Unterm Strich verzögern die Probleme die Verkürzung der Release-Zyklen. Ein Drittel und damit die meisten Teilnehmer aktualisieren ihre Individualanwendungen lediglich ein- bis dreimal pro Jahr. Viele haben aber das Ziel, schneller zu werden: Die Mehrheit strebt ein Update pro Monat oder pro Woche an und hat demnach einen wesentlich höheren Änderungsbedarf als derzeit umsetzbar.
Konsolidierung von Big-Data-Anwendungen und steigende Cloud-Nutzung
In diesem Jahr betreiben 18,3 Prozent der Unternehmen im deutschsprachigen Raum eine oder mehrere eigene Big-Data-Anwendungen. Das sind unterm Strich weniger als im letzten Jahr (23,9 %). „Der Rückgang ist jedoch nicht unbedingt negativ, da in einigen Branchen bereits europa- oder weltweit konsolidiert wird“, kommentiert Thomas Heimann, Principal Enterprise Architect & Experte IT-Trends bei Capgemini. „Einige Pilot-Projekte enden auch in der Entscheidung, die Leistungen eines Anbieters zu nutzen oder abzuwarten, bis mehr Daten zur Verfügung stehen. Das Interesse an Big Data ist aber nach wie vor hoch und die Anzahl der Unternehmen, die sich in Workshops oder Pilotanwendungen mit Big Data auseinandersetzen, ist gestiegen.“
Auch die Cloud-Nutzung hat zugenommen: Inzwischen beziehen 75,0 Prozent der Unternehmen Services aus der eigenen und sogar 79,6 Prozent Leistungen aus einer Anbieter-Cloud. Die hohe Nutzerquote sollte aber nicht darüber hinwegtäuschen, dass letztere aber nach wie vor nur einen geringen Anteil an der Gesamtleistung haben.
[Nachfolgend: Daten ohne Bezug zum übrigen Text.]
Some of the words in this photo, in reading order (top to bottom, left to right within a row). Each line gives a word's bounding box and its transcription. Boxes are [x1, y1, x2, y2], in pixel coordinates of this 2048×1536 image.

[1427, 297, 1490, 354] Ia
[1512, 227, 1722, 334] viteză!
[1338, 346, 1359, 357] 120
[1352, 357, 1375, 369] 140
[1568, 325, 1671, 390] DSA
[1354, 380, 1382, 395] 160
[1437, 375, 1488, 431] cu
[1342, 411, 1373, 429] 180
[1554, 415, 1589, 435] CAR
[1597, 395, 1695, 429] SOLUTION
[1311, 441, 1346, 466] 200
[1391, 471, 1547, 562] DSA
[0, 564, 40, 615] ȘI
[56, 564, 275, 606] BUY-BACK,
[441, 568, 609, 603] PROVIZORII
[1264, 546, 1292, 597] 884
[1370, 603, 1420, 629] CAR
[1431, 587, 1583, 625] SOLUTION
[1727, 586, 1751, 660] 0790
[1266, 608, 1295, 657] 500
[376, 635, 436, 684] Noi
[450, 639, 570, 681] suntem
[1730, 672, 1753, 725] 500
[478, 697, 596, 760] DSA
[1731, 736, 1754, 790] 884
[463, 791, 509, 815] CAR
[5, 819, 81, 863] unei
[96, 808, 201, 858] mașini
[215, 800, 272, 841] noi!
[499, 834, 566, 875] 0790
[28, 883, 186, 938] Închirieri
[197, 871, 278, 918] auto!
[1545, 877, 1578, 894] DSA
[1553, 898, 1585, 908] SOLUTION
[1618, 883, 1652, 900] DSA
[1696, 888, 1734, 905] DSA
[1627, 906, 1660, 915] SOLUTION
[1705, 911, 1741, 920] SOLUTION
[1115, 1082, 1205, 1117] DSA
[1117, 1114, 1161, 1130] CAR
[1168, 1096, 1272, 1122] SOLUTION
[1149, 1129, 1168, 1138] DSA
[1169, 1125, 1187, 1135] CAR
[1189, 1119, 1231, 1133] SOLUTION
Sie stellen in diesem Jahr 10,2 Prozent aller IT-Services bereit (Vorjahr 6,5 %), während unternehmenseigene Clouds einen Anteil von 36,6 Prozent haben (Vorjahr 27,1 %). Insbesondere Großkonzerne und der Mittelstand haben die Cloud-Nutzung stark ausgebaut.
Top-Technologien des Jahres 2017: EU-Datenschutzgrundverordnung wirft ihre Schatten voraus
Die ersten Plätze auf der Liste der Top-Technologien des Jahres belegen Cloud Security, Security Automation, BYOx Security, Privacy by Design und Predictive Analytics. Die häufige Nennung von Sicherheitsthemen hat zum einen mit der aktuellen Bedrohungslage, zum anderen mit der EU-Datenschutzgrundverordnung zu tun. In ihrem Rahmen wird es neue Sicherheitsanforderungen geben, wie beispielsweise die Anwendung des Prinzips Privacy by Design.
In der Relevanz für das Unternehmen aus Sicht der IT fallen hingegen digitale Lösungen zur Verbesserung des Einkaufs- und Service-Erlebnisses in der Filiale, mobile Payment, Robotic Process Automation, mobile Services für Fahrzeuge und Wearables deutlich ab, sie sind die „Flops des Jahres“.